Helga Modamed, of Haines Junction, gave me an old family recipe and accorded me the respect that has been sadly lacking in my life, by calling me Mrs. Davignon. And Isabelle Pringle wrote from Carcross, injecting a note of caution. "I can't send you a recipe but here are at least six good and valid reasons why anyone eating the foul stuff could conceivably expect to expire by the age of 35 from either posne- cratic cirrhosis of the pephlinger duct, or acute acid indigestion, whichever comes first!"
Come to think on it, though, those weren't the only letters I've received. During a career that has spanned some 26 years, I have had a couple of honest-to-Pete fan letters like this one that came in response to a column in which I had expressed an intense desire for a close encounter with a UFO.
I'd written: "Desirous of nocturnal adventure, I peer into the night, seeking little green men and their flying machines. And as I walk along, I practice my greeting. 'Hi there,' I say. 'How's the trip been, so far? Come, have coffee and a cinnamon bun.'"
A week later, I received a card from Mary Reddock, depicting a flying saucer set down on earth and as several mongrels relieve themseves on it's landing pins, one green, bug-eyed visitor is saying into a mike: "Earthlings are now attacking our landing supports...repeat... Earthlings are now..."
Inside the card, Mary had written, "Dear Ellen, Thought you might like to know that the real reason those little green men won't land. Too bad you and your cinnamon buns didn't get there first." Then she went on to say that she loved my column but "as you probably get a lot of fan mail, I'll keep this short...." (!)
Why do I get the feeling that I should have ensured that Sue and Mary get together? They could have started the only 2-member fan club in the world.
Actually, there could have been another member. Early on, when I wrote for the Whitehorse Star, I shared column space with an interest- ing old fellow named Archie Gillespie. A skinny, wizened little guy with rheumy eyes, he'd been a newspaperman for over 50 years and had forgotten more than most of us have ever learned about the business. Demon rum had made inroads into his health and intellect, but when he was sober and working under a deadline, Arch could still paint sharp, clear verbal pictures.

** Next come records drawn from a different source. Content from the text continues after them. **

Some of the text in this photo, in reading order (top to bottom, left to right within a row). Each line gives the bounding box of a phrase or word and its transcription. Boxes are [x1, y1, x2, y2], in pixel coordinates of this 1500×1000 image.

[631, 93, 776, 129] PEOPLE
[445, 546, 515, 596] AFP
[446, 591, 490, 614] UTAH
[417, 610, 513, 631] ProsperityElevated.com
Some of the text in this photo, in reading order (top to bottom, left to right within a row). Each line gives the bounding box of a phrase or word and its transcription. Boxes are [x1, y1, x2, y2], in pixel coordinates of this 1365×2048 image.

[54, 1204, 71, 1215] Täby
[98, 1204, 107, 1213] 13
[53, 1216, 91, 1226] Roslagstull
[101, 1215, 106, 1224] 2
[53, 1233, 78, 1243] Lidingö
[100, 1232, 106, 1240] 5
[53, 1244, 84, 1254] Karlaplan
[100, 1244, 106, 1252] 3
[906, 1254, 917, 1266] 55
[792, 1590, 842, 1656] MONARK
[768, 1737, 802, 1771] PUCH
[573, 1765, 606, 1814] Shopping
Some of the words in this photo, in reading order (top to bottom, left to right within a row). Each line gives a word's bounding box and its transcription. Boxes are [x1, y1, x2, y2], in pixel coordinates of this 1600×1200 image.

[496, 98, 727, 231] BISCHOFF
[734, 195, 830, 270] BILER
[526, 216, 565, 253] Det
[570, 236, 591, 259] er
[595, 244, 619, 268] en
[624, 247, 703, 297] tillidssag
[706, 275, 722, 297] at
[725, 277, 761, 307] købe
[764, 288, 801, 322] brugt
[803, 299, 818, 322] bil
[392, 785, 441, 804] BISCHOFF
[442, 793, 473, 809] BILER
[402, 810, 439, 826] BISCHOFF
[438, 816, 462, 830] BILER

My sister, Jo, was living in town then, singing with Ron Shortt's band in the Bamboo Room. On her night's off, she liked to make the rounds of the town's watering holes, checking on the competition, so to speak, and shmoozing with other entertainers. "Come with me tonight," she inveigled. "I'll introduce you to some neat people." One of the neat people sitting in with the band during their break, was Archie Gillespie.
"So you're Ellen Davignon," he said, when Jo introduced us. "I've been reading your stuff and I like it." He patted the chair beside him. "C'mere and park yourself."
A few nights later, Tiny Kitchen stopped by the Lodge, bringing me greetings from "an old boyfriend." Seems he'd stopped at Rainbow Room to have a snort and to swap a few yarns with his cronies. "A-yuh," he grunted, "you made quite a hit with old Arch, t'other night." He smiled and winked, handing me a letter. "Likes big broads, he says."
Blushing furiously, I opened the envelope and read:
"When the shades of day are over and the sunset turns to gold
I think of the girl (sic) who writes so big, so noisy and so bold
And I'll always think - in my stupid way-
On the path I should pursue
Cause in my dreams and in my schemes,
There's always a girl like you."
It was signed: With love, Arch.
That was pretty heady stuff for a rank amateur in both life AND the newspaper business, although Phil was somewhat less than amused by my my first, and only, billet-doux. Of course, he'd never met Archie, either.
Archie's poem was not the love letter that Phil believed it was. Nor was it even a "fan" letter, in the actual sense of the word. But believe me, to an unsophisticated young writer who was still strug-gling with a terrible shyness and lack of self-confidence, it more than did until the right thing came along!